It's not like you really get to choose your life partner / spouse -- at least in my opinion. It's more like you look up and -- bam! -- there (s)he is and you go... oh wow! This can be a slow process that takes years or it can happen overnight. Each of us is different. Each partnership is different. With that in mind, I think that a person's significant other is significant for a reason... they somehow compliment or complete something in that person that may or may not be recognized by either party.

 

I don't believe in happy-ever-afters. I do believe in hard-work-ever-afters. A good relationship takes work -- ANY relationship -- even that one you have with the co-worker you hate!

 

meh -- I've probably not made any sense... but that's ok... love doesn't make sense... then again neither does hate. Interesting that.

 

Yeah, I agree, 'taking' a life partner sounds a bit like dragging him or her to your cave by the hair. It happens or it doesn't happen, and if it does happen it certainly takes a lot of work, or else it can get very, very painful. But it's also a wonderful thing for those who are lucky enough to experience it.

 

There's a great poem by Wislawa Szymborska that -- ah, I was going to say it illustrates this, but really I guess it doesn't, it's just great ;) :

 

True Love

 

True love. Is it normal

is it serious, is it practical?

What does the world get from two people

who exist in a world of their own?

 

Placed on the same pedestal for no good reason,

drawn randomly from millions but convinced

it had to happen this way - in reward for what?

For nothing.

The light descends from nowhere.

Why on these two and not on others?

Doesn't this outrage justice? Yes it does.

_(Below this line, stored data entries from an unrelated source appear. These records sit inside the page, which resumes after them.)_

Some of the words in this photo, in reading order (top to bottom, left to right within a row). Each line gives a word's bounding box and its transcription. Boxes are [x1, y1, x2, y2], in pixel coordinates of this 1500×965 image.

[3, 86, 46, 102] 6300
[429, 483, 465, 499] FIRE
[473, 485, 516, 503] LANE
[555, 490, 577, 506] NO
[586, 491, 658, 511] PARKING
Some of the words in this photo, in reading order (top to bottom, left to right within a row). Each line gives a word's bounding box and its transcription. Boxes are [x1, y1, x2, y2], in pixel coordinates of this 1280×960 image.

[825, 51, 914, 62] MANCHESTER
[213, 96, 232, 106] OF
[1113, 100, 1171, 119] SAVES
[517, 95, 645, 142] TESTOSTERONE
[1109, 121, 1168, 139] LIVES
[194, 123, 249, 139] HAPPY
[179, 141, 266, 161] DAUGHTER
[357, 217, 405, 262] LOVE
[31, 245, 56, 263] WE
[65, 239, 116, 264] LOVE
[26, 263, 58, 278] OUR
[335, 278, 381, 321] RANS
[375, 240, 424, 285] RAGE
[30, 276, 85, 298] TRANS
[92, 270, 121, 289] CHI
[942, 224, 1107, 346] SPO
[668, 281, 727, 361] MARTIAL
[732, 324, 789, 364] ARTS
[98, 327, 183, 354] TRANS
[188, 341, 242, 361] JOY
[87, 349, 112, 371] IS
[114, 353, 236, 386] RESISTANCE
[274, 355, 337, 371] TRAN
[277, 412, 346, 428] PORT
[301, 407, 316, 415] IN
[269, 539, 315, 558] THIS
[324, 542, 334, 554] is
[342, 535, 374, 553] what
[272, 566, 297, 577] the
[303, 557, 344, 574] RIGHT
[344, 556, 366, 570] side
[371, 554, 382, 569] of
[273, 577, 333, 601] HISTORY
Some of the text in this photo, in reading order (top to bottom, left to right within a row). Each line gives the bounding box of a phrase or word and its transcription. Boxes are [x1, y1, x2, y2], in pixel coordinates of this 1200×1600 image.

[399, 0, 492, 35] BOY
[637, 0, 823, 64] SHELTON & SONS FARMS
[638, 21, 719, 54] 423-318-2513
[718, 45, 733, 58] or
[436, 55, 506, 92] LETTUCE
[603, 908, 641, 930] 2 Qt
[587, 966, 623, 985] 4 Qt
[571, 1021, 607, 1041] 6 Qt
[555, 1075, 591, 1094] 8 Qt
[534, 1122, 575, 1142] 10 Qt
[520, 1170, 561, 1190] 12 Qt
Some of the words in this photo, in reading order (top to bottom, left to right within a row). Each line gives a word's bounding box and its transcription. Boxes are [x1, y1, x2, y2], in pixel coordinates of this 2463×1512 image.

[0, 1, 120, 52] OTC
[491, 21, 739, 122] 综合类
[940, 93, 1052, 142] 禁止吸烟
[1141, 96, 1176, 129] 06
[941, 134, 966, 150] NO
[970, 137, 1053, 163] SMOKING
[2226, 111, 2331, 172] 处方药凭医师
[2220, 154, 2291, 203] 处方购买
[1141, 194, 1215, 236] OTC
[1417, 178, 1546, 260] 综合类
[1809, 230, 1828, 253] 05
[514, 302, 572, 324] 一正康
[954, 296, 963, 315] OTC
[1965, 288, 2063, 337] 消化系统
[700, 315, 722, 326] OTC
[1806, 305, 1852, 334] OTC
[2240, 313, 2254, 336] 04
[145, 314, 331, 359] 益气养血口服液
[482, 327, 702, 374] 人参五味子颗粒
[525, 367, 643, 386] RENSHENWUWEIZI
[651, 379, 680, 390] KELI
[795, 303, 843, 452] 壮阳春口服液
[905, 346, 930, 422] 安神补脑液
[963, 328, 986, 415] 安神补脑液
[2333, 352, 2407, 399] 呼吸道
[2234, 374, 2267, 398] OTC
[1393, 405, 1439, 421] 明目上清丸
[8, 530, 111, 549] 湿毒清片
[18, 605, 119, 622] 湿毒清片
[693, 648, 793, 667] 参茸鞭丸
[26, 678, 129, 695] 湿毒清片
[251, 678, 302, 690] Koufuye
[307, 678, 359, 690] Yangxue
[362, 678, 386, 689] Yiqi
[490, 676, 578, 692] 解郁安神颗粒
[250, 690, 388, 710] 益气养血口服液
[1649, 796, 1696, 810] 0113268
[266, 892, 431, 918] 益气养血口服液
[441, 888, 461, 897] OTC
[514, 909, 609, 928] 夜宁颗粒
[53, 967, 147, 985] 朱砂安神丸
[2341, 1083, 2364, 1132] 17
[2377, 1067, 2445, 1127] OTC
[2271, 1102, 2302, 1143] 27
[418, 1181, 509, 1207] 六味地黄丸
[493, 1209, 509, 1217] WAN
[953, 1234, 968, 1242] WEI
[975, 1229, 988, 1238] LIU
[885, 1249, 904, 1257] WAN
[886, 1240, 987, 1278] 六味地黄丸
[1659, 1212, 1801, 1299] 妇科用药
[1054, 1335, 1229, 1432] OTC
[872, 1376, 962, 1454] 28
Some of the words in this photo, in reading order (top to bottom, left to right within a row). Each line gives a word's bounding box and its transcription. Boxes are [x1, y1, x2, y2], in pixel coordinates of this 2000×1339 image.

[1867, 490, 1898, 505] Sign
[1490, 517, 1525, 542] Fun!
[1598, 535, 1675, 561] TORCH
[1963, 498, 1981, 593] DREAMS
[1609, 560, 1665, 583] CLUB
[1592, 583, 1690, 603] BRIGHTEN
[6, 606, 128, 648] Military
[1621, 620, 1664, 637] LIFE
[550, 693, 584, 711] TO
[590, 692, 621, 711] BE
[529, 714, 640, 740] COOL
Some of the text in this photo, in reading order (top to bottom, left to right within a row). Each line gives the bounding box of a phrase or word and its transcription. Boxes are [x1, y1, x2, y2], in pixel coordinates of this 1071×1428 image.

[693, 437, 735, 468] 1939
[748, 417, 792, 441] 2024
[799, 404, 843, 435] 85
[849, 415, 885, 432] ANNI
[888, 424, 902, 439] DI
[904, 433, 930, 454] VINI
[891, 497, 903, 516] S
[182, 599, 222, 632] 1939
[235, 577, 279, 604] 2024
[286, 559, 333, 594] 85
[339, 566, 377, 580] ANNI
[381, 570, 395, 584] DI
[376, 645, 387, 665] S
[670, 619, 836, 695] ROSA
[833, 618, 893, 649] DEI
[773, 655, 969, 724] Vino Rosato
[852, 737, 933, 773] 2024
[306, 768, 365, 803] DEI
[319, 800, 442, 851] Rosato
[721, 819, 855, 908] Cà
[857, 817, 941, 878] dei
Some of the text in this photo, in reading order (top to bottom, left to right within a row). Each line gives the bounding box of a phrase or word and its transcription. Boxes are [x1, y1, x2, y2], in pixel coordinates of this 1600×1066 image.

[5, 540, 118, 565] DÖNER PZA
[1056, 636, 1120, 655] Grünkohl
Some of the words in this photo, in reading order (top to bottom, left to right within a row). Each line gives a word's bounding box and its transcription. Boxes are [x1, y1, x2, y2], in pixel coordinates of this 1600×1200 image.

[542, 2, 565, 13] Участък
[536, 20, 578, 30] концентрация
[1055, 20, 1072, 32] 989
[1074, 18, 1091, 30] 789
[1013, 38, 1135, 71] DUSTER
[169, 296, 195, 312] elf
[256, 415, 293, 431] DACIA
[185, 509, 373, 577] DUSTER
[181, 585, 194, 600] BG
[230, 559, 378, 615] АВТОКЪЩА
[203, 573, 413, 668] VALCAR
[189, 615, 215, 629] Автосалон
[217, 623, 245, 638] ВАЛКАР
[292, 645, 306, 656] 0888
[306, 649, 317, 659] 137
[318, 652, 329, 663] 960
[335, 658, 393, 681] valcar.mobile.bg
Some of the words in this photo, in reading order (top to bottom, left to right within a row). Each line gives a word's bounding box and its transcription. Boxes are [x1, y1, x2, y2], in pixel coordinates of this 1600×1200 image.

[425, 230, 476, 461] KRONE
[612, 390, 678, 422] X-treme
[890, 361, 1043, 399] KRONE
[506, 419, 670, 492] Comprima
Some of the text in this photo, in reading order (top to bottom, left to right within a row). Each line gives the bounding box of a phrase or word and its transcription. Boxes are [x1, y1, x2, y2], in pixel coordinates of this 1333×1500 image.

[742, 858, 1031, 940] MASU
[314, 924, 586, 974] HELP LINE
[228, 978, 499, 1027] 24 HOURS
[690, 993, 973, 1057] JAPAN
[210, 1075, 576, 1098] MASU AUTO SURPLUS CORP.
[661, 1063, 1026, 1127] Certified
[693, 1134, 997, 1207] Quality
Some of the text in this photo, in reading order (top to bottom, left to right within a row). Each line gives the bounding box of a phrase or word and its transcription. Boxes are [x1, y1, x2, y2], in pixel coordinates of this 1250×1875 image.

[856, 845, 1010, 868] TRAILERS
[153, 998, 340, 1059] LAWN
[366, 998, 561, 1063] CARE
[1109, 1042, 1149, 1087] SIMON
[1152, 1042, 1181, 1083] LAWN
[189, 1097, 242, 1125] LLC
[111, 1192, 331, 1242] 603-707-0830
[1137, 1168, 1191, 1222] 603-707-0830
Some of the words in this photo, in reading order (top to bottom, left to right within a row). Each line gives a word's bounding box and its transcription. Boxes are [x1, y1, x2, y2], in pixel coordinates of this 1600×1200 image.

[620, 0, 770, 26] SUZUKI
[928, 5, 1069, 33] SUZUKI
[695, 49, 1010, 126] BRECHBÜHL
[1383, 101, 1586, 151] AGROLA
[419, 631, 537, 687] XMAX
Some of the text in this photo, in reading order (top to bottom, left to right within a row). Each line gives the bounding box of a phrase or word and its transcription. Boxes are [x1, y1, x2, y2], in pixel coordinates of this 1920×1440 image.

Doesn't it disrupt our painstakingly erected principles,

and cast the moral from the peak? Yes on both accounts.

 

Look at the happy couple.

Couldn't they at least try to hide it,

fake a little depression for their friends' sake?

Listen to them laughing - its an insult.

The language they use - deceptively clear.

And their little celebrations, rituals,

the elaborate mutual routines -

it's obviously a plot behind the human race's back!

 

It's hard even to guess how far things might go

if people start to follow their example.

What could religion and poetry count on?

What would be remembered? What renounced?

Who'd want to stay within bounds?

 

True love. Is it really necessary?

Tact and common sense tell us to pass over it in silence,

like a scandal in Life's highest circles.

Perfectly good children are born without its help.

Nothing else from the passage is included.